Thus far they wrote: Which was all prelected, except the thirteen last theses, which correspond to ye 2nd Book of Pufendorf. And ye Theses which were prelected, abating a few towards ye End, were likewise examin’d, together with ye corresponding places of Pufendorf, in ye order above describ’d. In ye marginall Notes upon Pufendorf, I took Care, among other things, to refer them to ye parallel places of Grotius.
The Afternoons this year likewise, after we had ended ye Ontology, were mostly spent on Mathematicks; in which, after having shortly glanced over ye three Books they had learn’d the Year before, I carry’d them thro’ ye fourth & fifth Books of Pardy & acquainted them with ye rudiments of Algebraicall Computation.
I employ’d some of them in making exegeses on philosophicall Subjects (the rules of which Exercise they had been taught from ye Praxis Logica before mention’d) & ask’d the Censures of ye rest upon them. They likewise gave in & defended a Thesis, on ye subject of their Discourse. The same Discourses were afterwards deliver’d in ye Common Hall.
In the Magistrand Year (if God spare them & me together), ye first work must be to compleat what yet remains undone of ye Ethicks, & then, if possible, again to glance over ye Pneumatick & Ethick Theses: tho’ at the same time, I must endeavour, with all convenient Speed, to get them thro’, at least, ye sixth Book of Pardies Elements, without which they can make verry few Steps to purpose in ye Physicks: I must likewise give them a touche of some other parts of Geometry, as time will allow; but for their more thorow acquaintance with them, refer them to ye Professor of Mathematicks.
I would fain be ready to begin ye Physicks about ye middle of November. I’ll first put Le Clerks Physicks6 in their hands, tho a book that has nothing to recommend it, but that it furnishes occasion to talk about a great many different things. But as ye two great Hinges of Naturall Philosophy, or rather ye constituent parts of it, are Mathematicall Demonstration & Experiment, we must look farther than Le Clerk for both.
For ye Demonstrative part, there’s a Necessity of puting some Text into their Hands but whether it shall be Whistons Praelections7 or ye Notes I dictated to my last Classe, or somewhat else, I’m yet to be resolv’d. Whatever it be, ye Progress they have already made in Geometry & Severall of them in Algebra, & ye Inclination they discover that way, make me presage well of their success in this part of Learning.
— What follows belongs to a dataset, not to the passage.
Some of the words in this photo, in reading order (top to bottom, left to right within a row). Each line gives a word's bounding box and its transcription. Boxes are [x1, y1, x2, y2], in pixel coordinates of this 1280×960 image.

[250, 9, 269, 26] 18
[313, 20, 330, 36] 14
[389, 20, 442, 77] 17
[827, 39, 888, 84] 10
As for ye Experimentall part, ye University being now so much better furnish’d than heretofore, it will surely be no presumption to hope that we may be in case to teach Natural Philosophy more effectually than ever it was taught here before. And as I endeavour’d formerly to make ye best Use I could of ye few Instruments we had, so I would now make it my business to forecast, & carefully embrace, every Opportunity of illustrating what I teach by proper Experiments & Observations, so far as time & our apparatus will serve. And for this purpose I designe to draw up a Plan beforehand.8 I propose likewise, especially if desired by ye Society, or by particular Persons, to have ye Dyers for Experiments at known & stated Hours, as mention’d in the Proposall.
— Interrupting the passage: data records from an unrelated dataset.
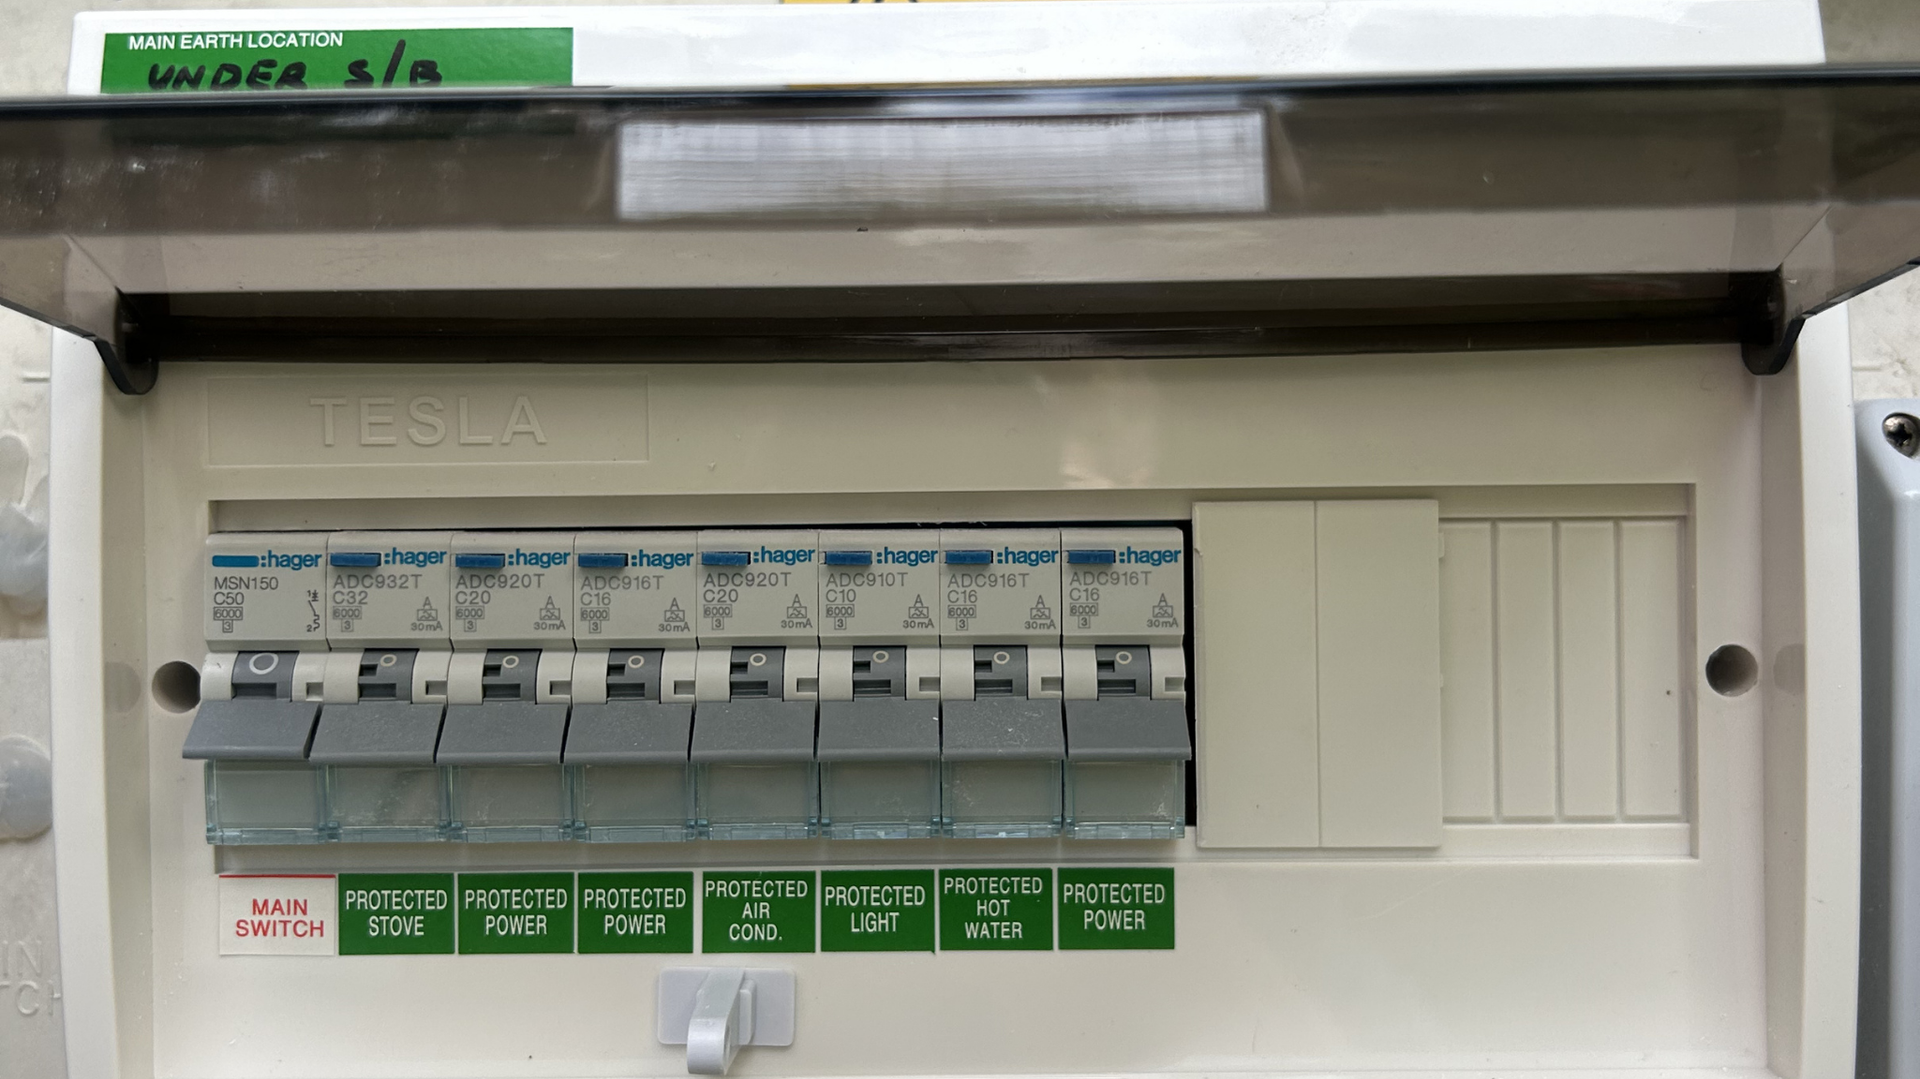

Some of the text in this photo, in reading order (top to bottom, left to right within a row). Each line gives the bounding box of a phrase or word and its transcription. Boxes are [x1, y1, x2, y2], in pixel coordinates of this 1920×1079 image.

[128, 32, 343, 50] MAIN EARTH LOCATION
[148, 59, 307, 91] UNDER
[310, 396, 547, 446] TESLA
[214, 576, 279, 590] MSN150
[333, 574, 422, 589] ADC932T
[455, 574, 545, 588] ADC920T
[580, 576, 664, 590] ADC916T
[703, 572, 791, 587] ADC920T
[826, 572, 908, 587] ADC910T
[947, 573, 1030, 588] ADC916T
[1070, 571, 1152, 586] ADC916T
[214, 592, 244, 605] C50
[333, 591, 368, 604] C32
[455, 591, 491, 604] C20
[580, 592, 611, 606] C16
[703, 589, 739, 603] C20
[826, 589, 856, 603] C10
[947, 590, 978, 603] C16
[1070, 588, 1100, 601] C16
[214, 608, 242, 619] 6000
[333, 609, 360, 618] 6000
[456, 609, 483, 618] 6000
[581, 610, 608, 619] 6000
[704, 607, 731, 616] 6000
[827, 607, 853, 616] 6000
[948, 608, 974, 616] 6000
[1071, 605, 1096, 614] 6000
[706, 880, 808, 898] PROTECTED
[944, 877, 1042, 895] PROTECTED
[1064, 883, 1165, 904] PROTECTED
[346, 890, 447, 910] PROTECTED
[465, 889, 568, 910] PROTECTED
[584, 888, 686, 909] PROTECTED
[825, 886, 925, 906] PROTECTED
[251, 898, 308, 917] MAIN
[742, 902, 770, 919] AIR
[977, 900, 1009, 917] HOT
[368, 916, 424, 936] STOVE
[486, 914, 548, 936] POWER
[604, 914, 666, 935] POWER
[851, 912, 899, 933] LIGHT
[1084, 910, 1146, 930] POWER
[235, 920, 325, 938] SWITCH
[729, 924, 783, 941] COND.
[965, 922, 1022, 939] WATER
This, saving personal or accidentall failures, is ye best Method I can propose for my Classe Teaching. But whether some better way may not be taken for ye Advancement both of Philosophical & Philological Learning than this of Subordinate Classes; & particularly what is to be done, that Students of all Denominations may, without a Diminution of their Character, have access to a fit Professors help in each part of Learning, Deserves ye Facultys most Serious Consideration.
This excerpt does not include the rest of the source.